Herbaria are collections of dried plant specimens, which can date back hundreds of years (from ca 1600) and hold huge potential for understanding global environmental and ecological change. Hundreds of millions of specimens are stored worldwide, with approximately 390 million housed in 3100 herbarium collections (https://sweetgum.nybg.org/science/).
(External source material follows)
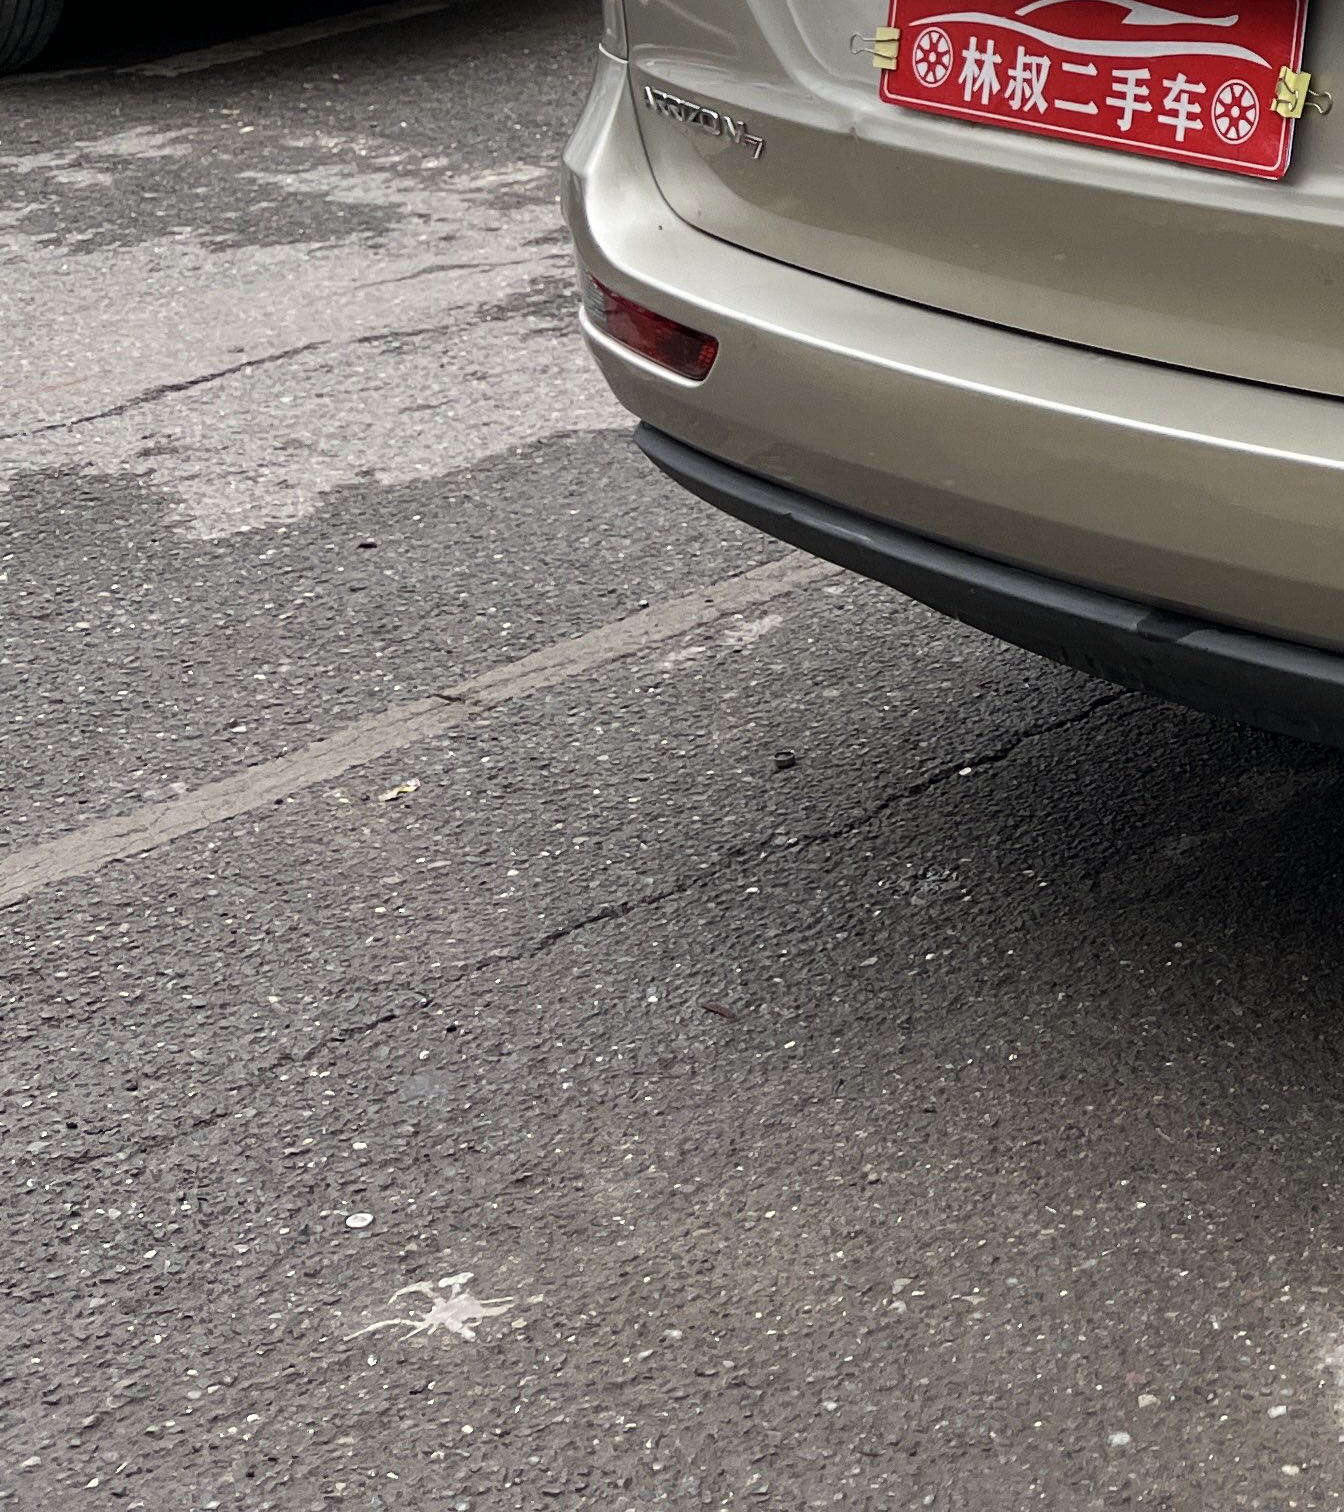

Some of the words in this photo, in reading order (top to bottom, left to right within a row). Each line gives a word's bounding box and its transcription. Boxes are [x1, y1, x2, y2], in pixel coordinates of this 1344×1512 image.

[958, 35, 1207, 143] 林叔二手车
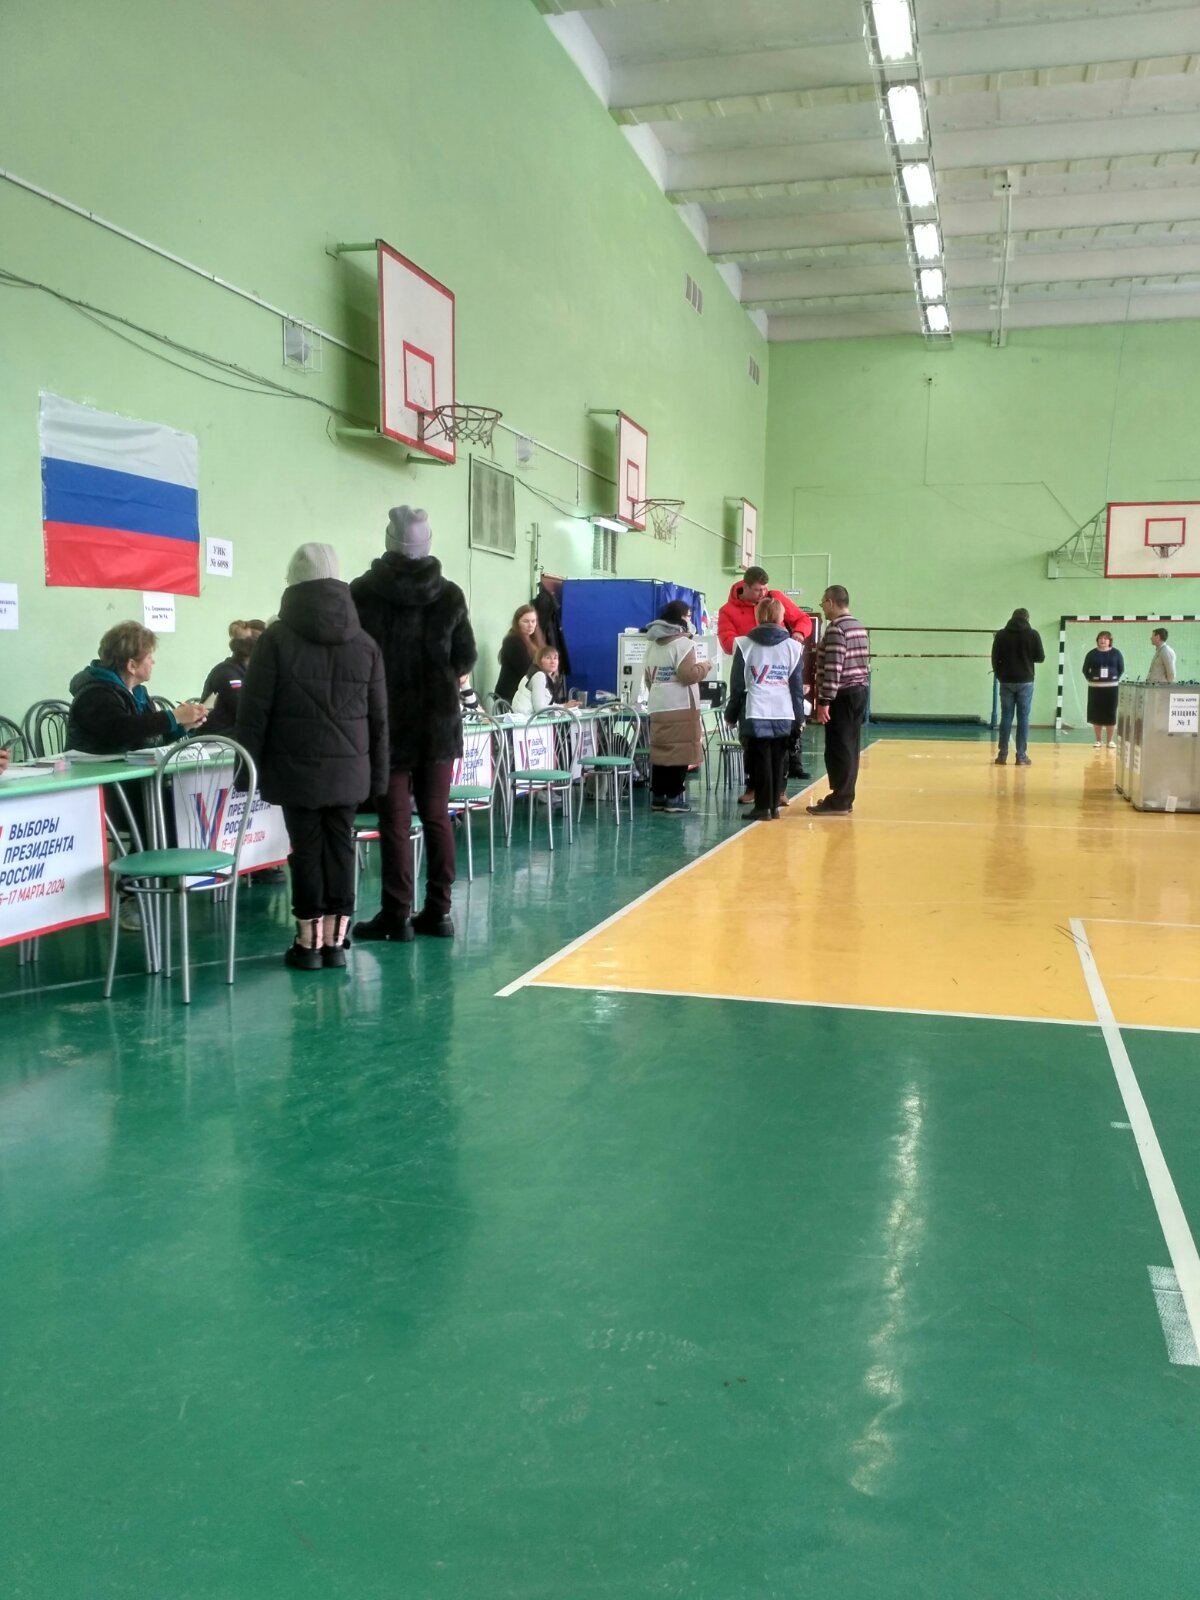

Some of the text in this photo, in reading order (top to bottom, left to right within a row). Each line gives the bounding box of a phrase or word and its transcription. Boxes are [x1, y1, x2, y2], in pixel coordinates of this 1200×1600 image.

Rapid advances in cataloguing and digitization of records are revolutionizing the use of herbaria; their potential is only just starting to be realized [1]. Herbarium specimens are biological time capsules providing data that can address environmental and ecological questions over tens to hundreds of years, providing unique insight into environmental and ecological processes from the start of industrialization [2,3]. Methods for the chemical analysis of herbarium specimens can be powerful methodologies for understanding variability within and between species and impacts of environmental changes on plants, and the current limitations of destructive testing methods [4,5]. Measurement of plant morphology, isotope ratios, element concentrations, species identity and DNA have been used to study the impacts of pollution [6,7], climate change, biological invasions and land-use changes. Herbarium specimens are irreplaceable so analysis of specimens must not impact on their value for future research [8]. Measurement of phenology, phenotype and species identity can be completed using non-destructive approaches. Molecular analysis, however, often requires the destruction of sensitive and delicate plant tissue. There is, therefore, a need to develop non-destructive sampling approaches to maximize the extraction of information from historical herbarium samples.
Fourier transform infrared (FTIR) spectroscopy is a rapid, inexpensive, non-destructive method for assessing chemical characteristics of biological samples. This technique measures the interaction of infrared radiation with molecular bonds to provide information on the biochemical compounds in a sample. In plant tissues FTIR has been used to measure the impact on plants of differences in, for example, nutrient availability, water stress, temperature stress, heavy metals and disease [9]. A number of spectral regions give information about lipids, proteins and other more specific bonding within the fingerprint region providing information on, for example, polypeptides, polyphenolics and polysaccarides. Measurement of bonding interactions enables semi-quantitative evaluation of molecular functionality presence (through comparison of spectral regions) and assessment of variation in this within a sample (through comparison of absorption band shape). The ability of FTIR to determine differences in chemical composition between herbarium specimens of the same species provides potential for non-destructive evaluation of spatio-temporal patterns in plant biochemistry. However, to date, FTIR on herbarium specimens has been limited to destructive use and for species identification purposes [10,11]. No one has explored the potential for using FTIR for within-species comparison of herbarium specimens. We, therefore, lack basic understanding of the potential of this approach, and of the feasibility of obtaining relevant, useable data from herbarium specimens.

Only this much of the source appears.